Perante isto, a oração do profeta foi assim: Tu, Senhor, que sabes tudo, lembra-te de mim, ampara-me e vinga-me dos que me perseguem; que eu não seja apanhado por eles (15.15); Escuta o que dizem os meus adversários. Abriram uma cova para me tirarem a vida. Lembra-te de que me apresentei diante de ti a interceder por eles, a afastar deles a tua cólera (18,19-20); Seduziste-me, Senhor, e eu deixei. Dominaste-me e venceste. Mas agora eu sou objecto de contínua chacota, toda a gente escarnece de mim. Sempre que falo é para dizer Violência!, Opressão! A tua Palavra tornou-se para mim motivo de insultos e escárnios, dia atrás de dia … Mas eu sei, Senhor, que estás comigo como poderoso guerreiro (20,7-18).

Olho a terra, é um caos informe. Olho o céu, está sem luz. Os montes tremem, as colinas estremecem. Homens não há; as aves fugiram do céu. A terra fértil é agora um deserto. As povoações foram arrasadas pelo Senhor, pelo incêndio da sua cólera! (4,23-26). Ouvem-se gritos de pavor, de terror e não de paz

Nos tempos que vivemos, para além dos Profetas temos os Sinais dos Tempos que nos falam não apenas nem necessariamente de Deus, mas também do Homem e das suas esperanças – que “a glória de Deus é o Homem vivo” (Stº Ireneu, séc. II) -, sinais positivos e negativos do Homem e da Humanidade, sinais da presença e da ausência de Deus.

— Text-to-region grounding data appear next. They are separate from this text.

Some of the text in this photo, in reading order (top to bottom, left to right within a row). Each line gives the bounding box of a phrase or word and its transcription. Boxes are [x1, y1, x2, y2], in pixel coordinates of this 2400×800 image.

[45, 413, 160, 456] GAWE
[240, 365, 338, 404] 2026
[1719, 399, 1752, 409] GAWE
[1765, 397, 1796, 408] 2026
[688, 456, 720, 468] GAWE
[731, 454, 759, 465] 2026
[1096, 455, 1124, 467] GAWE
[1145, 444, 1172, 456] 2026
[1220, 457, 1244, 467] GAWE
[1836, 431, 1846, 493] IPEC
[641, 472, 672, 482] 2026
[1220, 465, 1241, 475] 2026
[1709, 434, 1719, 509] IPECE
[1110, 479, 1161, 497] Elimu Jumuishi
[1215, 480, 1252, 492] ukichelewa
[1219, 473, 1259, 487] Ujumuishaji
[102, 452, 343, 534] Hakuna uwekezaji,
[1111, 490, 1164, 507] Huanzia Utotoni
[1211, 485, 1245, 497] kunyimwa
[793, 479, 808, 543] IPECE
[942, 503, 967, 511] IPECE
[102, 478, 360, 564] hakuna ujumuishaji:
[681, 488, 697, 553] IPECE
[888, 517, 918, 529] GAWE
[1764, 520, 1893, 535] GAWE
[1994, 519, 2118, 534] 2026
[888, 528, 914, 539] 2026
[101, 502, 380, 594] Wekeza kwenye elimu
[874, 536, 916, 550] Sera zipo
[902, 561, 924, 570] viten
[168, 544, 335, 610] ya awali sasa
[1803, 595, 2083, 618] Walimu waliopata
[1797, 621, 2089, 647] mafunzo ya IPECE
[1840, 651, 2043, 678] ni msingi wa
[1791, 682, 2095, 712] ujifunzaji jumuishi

No fim do ano litúrgico, estamos quase nele, a Liturgia vai-se chegando caladamente à questão do fim ou dos fins, da escatologia (de éscaton, palavra grega que quer dizer fim): um pouco como o frio do Outono chega caladamente no fim do Verão.

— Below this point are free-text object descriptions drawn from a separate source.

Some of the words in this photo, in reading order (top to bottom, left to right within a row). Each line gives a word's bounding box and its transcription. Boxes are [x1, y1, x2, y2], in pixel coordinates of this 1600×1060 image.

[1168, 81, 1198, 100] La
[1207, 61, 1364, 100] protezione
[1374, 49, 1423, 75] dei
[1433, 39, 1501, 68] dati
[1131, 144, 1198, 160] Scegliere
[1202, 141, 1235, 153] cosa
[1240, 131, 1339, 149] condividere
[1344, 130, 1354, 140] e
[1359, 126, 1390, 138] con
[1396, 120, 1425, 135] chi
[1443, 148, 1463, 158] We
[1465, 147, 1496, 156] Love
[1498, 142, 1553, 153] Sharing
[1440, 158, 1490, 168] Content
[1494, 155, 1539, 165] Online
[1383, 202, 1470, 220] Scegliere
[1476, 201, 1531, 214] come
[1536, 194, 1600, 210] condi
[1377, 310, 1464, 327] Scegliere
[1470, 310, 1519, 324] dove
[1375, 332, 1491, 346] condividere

A Liturgia vai-se chegando caladamente à questão do fim ou dos fins, dizia. Depois virá o Advento, o tempo litúrgico que nos espicaça a Esperança, aguça a perspectiva e ajuda a saborear a Vida, rumo ao Reino de Deus. “Per visibilia ad invisibilia” (Rm 12,20), dizia Paulo aos Romanos, é através das coisas visíveis que chegamos às invisíveis:

“Os bens da dignidade, da comunhão fraterna e da liberdade, frutos da natureza e do nosso trabalho, depois de … difundidos na terra, no Espírito do Senhor e segundo o seu mandamento, voltaremos de novo a encontrá-los, mas então purificados de toda a mancha, iluminados e transfigurados, quando Cristo entregar ao Pai o reino eterno e universal, “reino de verdade e de vida, reino de santidade e de graça, reino de justiça, de amor e de paz”, Reino que está já misteriosamente presente, mas que atingirá a perfeição quando o Senhor vier” (GS, 39).

Mas, atenção: “o reino de Cristo não é deste mundo. A Igreja, ao implantar este reino, não subtrai coisa alguma ao bem temporal de nenhum povo, mas, pelo contrário, fomenta e assume as qualidades, as riquezas, os costumes e o modo de ser dos povos, na medida em que são bons” (LG 13).